This is how I obtained a non-contact rotation speed reading using a very inexpensive photo tachometer (in the USA, you can get this to your door for under $30).  I purchased the Neiko branded tach from Amazon and I am sure it can be found elsewhere and under different or even no brand label.  Mine uses 3x1.5 AA batteries for an operating voltage near 5V.   The interface is very simple.

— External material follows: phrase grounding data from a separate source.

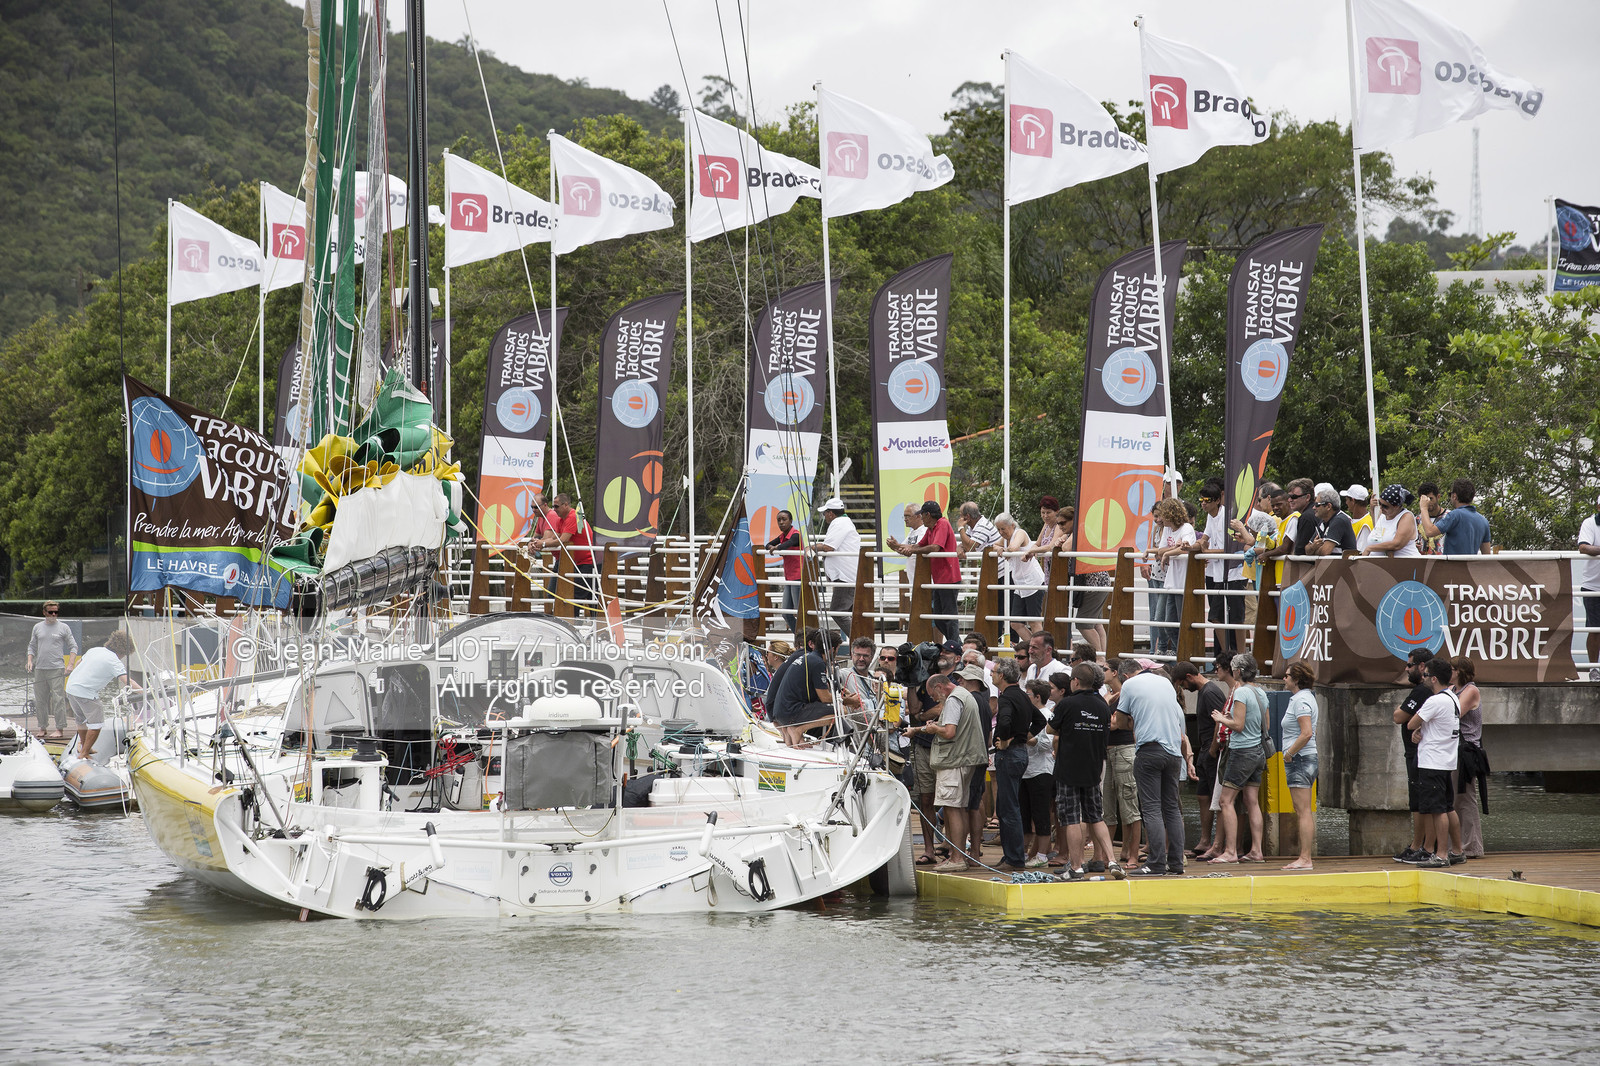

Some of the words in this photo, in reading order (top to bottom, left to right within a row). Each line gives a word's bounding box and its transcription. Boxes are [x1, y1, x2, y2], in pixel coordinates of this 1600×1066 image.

[1107, 270, 1126, 347] TRANSAT
[1121, 275, 1140, 346] Jacques
[1134, 272, 1167, 354] VABRE
[1245, 258, 1262, 339] TRANSAT
[1258, 263, 1277, 338] Jacques
[1271, 259, 1304, 345] VABRE
[1562, 278, 1572, 286] LE
[500, 328, 518, 387] TRANSAT
[615, 316, 630, 380] TRANSAT
[626, 320, 643, 379] Jacques
[637, 318, 666, 385] VABRE
[768, 306, 785, 373] TRANSAT
[781, 310, 798, 373] Jacques
[792, 307, 822, 379] VABRE
[887, 290, 900, 362] TRANSAT
[901, 293, 917, 358] Jacques
[915, 287, 938, 365] VABRE
[511, 331, 530, 387] Jacques
[522, 329, 551, 392] VABRE
[905, 447, 942, 455] International
[133, 512, 179, 538] Prendre
[179, 516, 191, 539] la
[147, 557, 163, 570] LE
[168, 559, 218, 575] HAVRE
[1443, 584, 1545, 601] TRANSAT
[1439, 624, 1550, 661] VABRE
[1449, 602, 1542, 627] Jacques
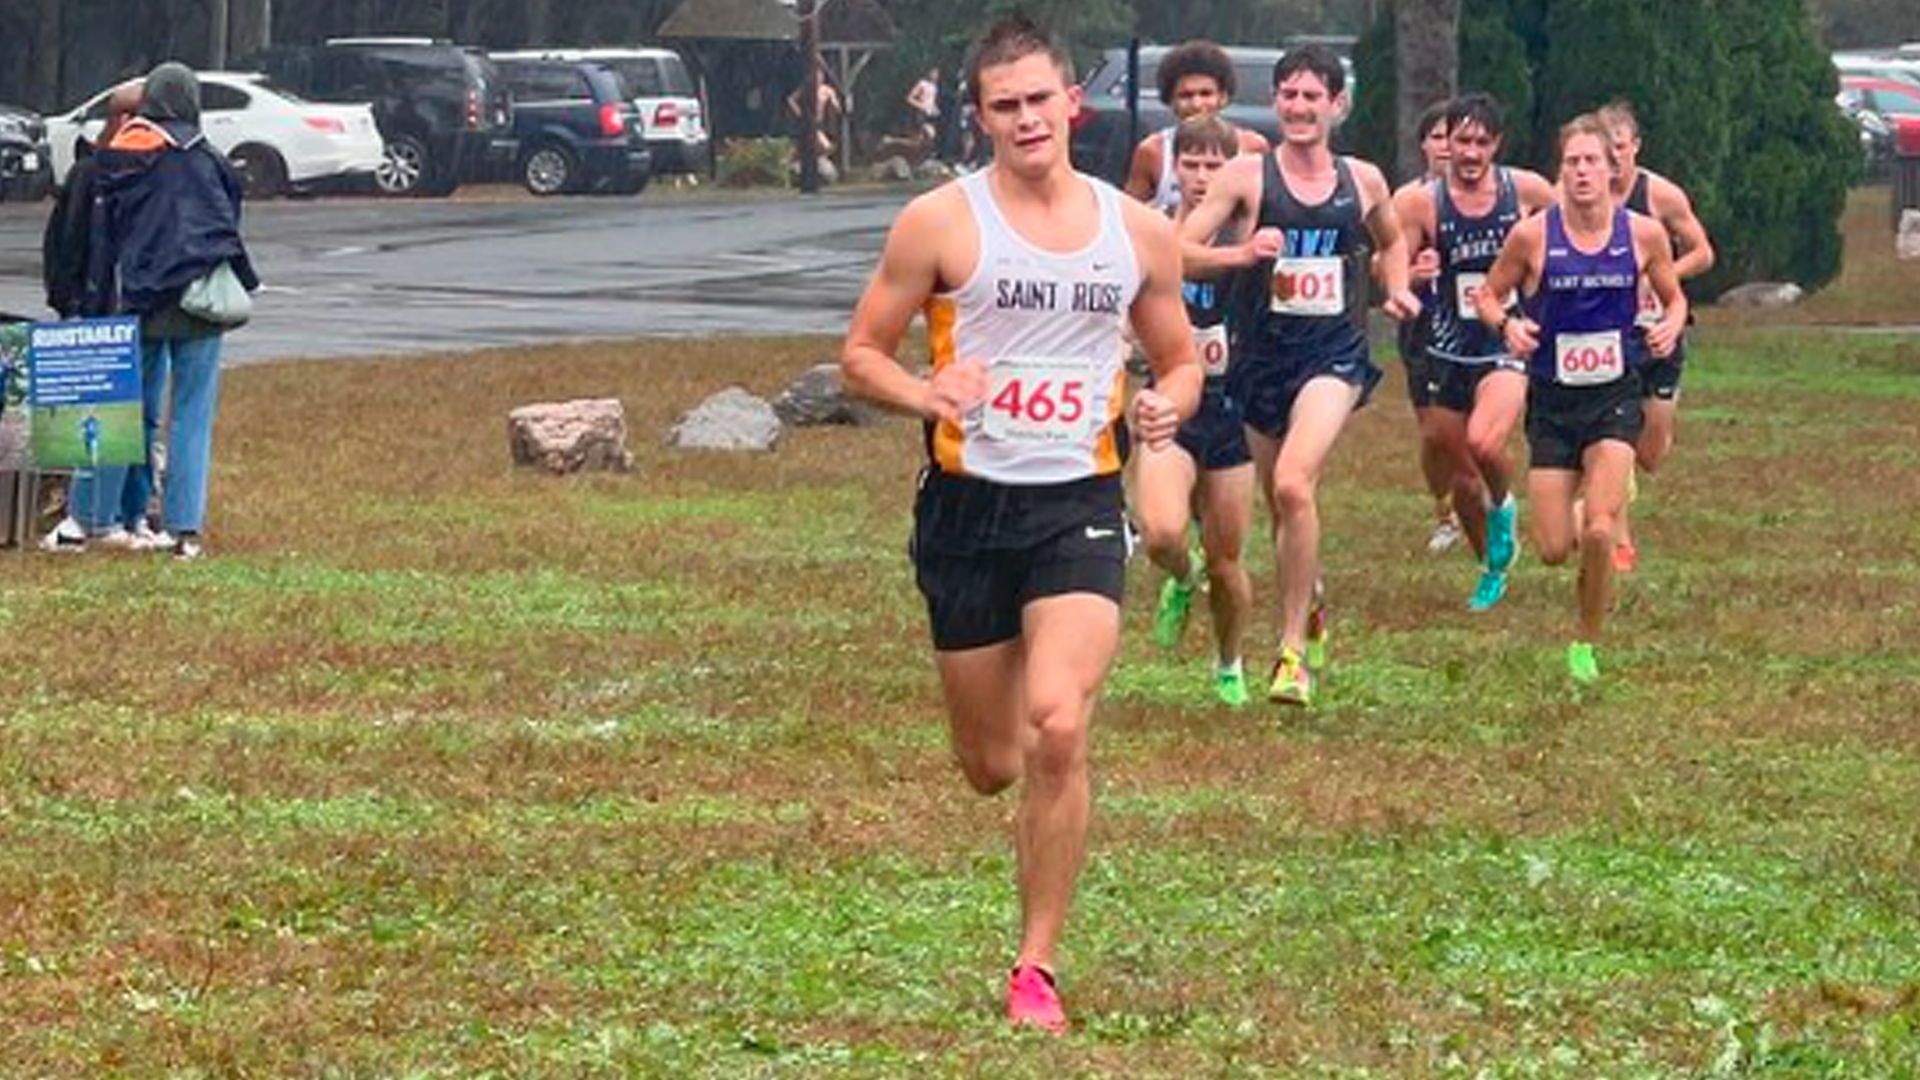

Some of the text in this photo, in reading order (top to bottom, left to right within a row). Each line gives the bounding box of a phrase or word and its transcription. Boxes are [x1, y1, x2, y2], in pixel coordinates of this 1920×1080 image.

[996, 279, 1122, 316] SAINT ROSE
[1562, 346, 1617, 372] 604
[991, 379, 1084, 423] 465
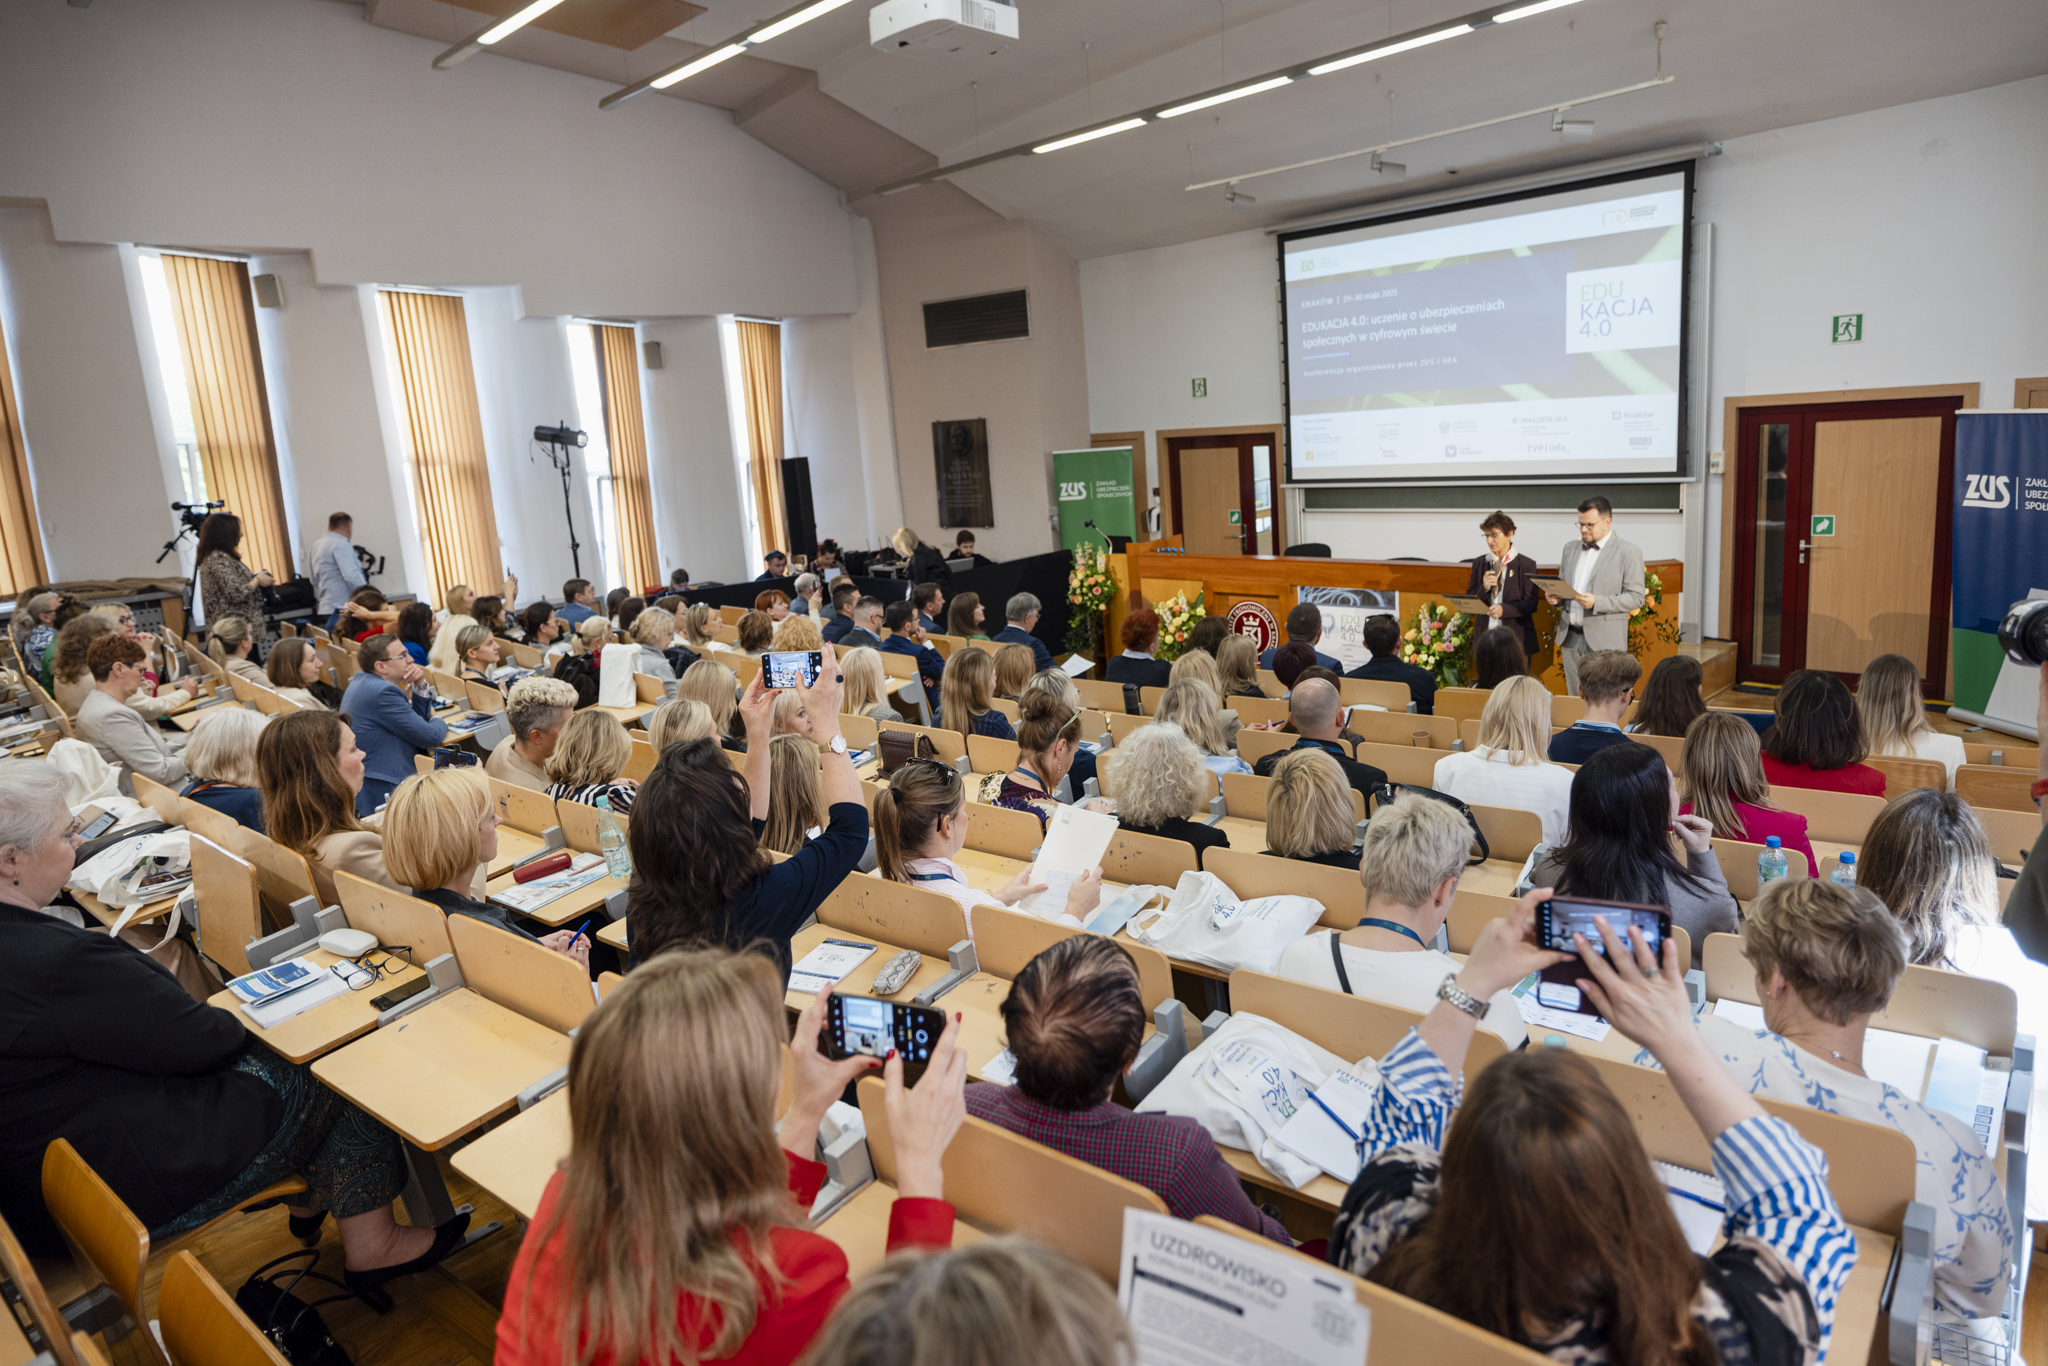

+5V from Arduino - connected to the circuit side of the "Test" button on the tachometer  (circled RED in the picture)
GND from Arduino - connected to the battery negative in the battery tray on the tachometer (circled Yellow in the picture)
SIGNAL to Arduino - connected to pin 12 of the micro on the Tachometer which is an interrupt-enabled pin on the micro in the tach and is fed from an HC4050 Buffer chip

The cable used is a shielded headphone extension cable with TRS (tip ring sleeve) connectors.  The shield in this cable has a braided wire that I used for ground.  I used the Black (Left Audio) for the signal and the Red (Right Audio) for +5V.  The tachometer body also luckily had a plastic plug in the side for some non-existing feature.  I drilled 3 holes in this piece to get a tie location for a zip-tie fastener and of course a hole to bring the cable through.

On Arduino I used attach interrupt with FALLING option.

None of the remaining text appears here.